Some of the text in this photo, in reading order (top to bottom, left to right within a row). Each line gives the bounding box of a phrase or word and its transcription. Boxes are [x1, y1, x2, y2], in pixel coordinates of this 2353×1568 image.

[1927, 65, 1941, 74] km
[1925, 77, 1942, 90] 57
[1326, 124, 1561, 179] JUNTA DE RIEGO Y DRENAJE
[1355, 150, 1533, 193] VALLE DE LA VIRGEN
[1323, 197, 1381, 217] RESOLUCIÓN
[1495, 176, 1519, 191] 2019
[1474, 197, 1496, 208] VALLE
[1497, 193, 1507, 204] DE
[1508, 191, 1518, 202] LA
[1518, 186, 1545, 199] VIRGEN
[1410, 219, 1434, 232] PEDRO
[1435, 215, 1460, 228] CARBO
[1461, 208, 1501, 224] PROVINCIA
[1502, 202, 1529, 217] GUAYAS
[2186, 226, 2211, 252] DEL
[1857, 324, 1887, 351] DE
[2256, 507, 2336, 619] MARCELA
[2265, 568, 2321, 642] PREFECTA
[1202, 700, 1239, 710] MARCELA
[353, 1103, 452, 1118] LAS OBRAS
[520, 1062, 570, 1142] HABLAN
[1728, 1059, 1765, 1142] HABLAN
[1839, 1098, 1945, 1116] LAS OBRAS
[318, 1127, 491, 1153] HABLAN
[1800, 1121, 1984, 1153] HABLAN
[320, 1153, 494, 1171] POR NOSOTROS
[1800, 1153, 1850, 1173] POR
——————————
Your task is to copy every record exactly.

OUTPUT FOR THIS TASK.
Some of the text in this photo, in reading order (top to bottom, left to right within a row). Each line gives the bounding box of a phrase or word and its transcription. Boxes are [x1, y1, x2, y2], in pixel coordinates of this 2353×1568 image.

[1927, 65, 1941, 74] km
[1925, 77, 1942, 90] 57
[1326, 124, 1561, 179] JUNTA DE RIEGO Y DRENAJE
[1355, 150, 1533, 193] VALLE DE LA VIRGEN
[1323, 197, 1381, 217] RESOLUCIÓN
[1495, 176, 1519, 191] 2019
[1474, 197, 1496, 208] VALLE
[1497, 193, 1507, 204] DE
[1508, 191, 1518, 202] LA
[1518, 186, 1545, 199] VIRGEN
[1410, 219, 1434, 232] PEDRO
[1435, 215, 1460, 228] CARBO
[1461, 208, 1501, 224] PROVINCIA
[1502, 202, 1529, 217] GUAYAS
[2186, 226, 2211, 252] DEL
[1857, 324, 1887, 351] DE
[2256, 507, 2336, 619] MARCELA
[2265, 568, 2321, 642] PREFECTA
[1202, 700, 1239, 710] MARCELA
[353, 1103, 452, 1118] LAS OBRAS
[520, 1062, 570, 1142] HABLAN
[1728, 1059, 1765, 1142] HABLAN
[1839, 1098, 1945, 1116] LAS OBRAS
[318, 1127, 491, 1153] HABLAN
[1800, 1121, 1984, 1153] HABLAN
[320, 1153, 494, 1171] POR NOSOTROS
[1800, 1153, 1850, 1173] POR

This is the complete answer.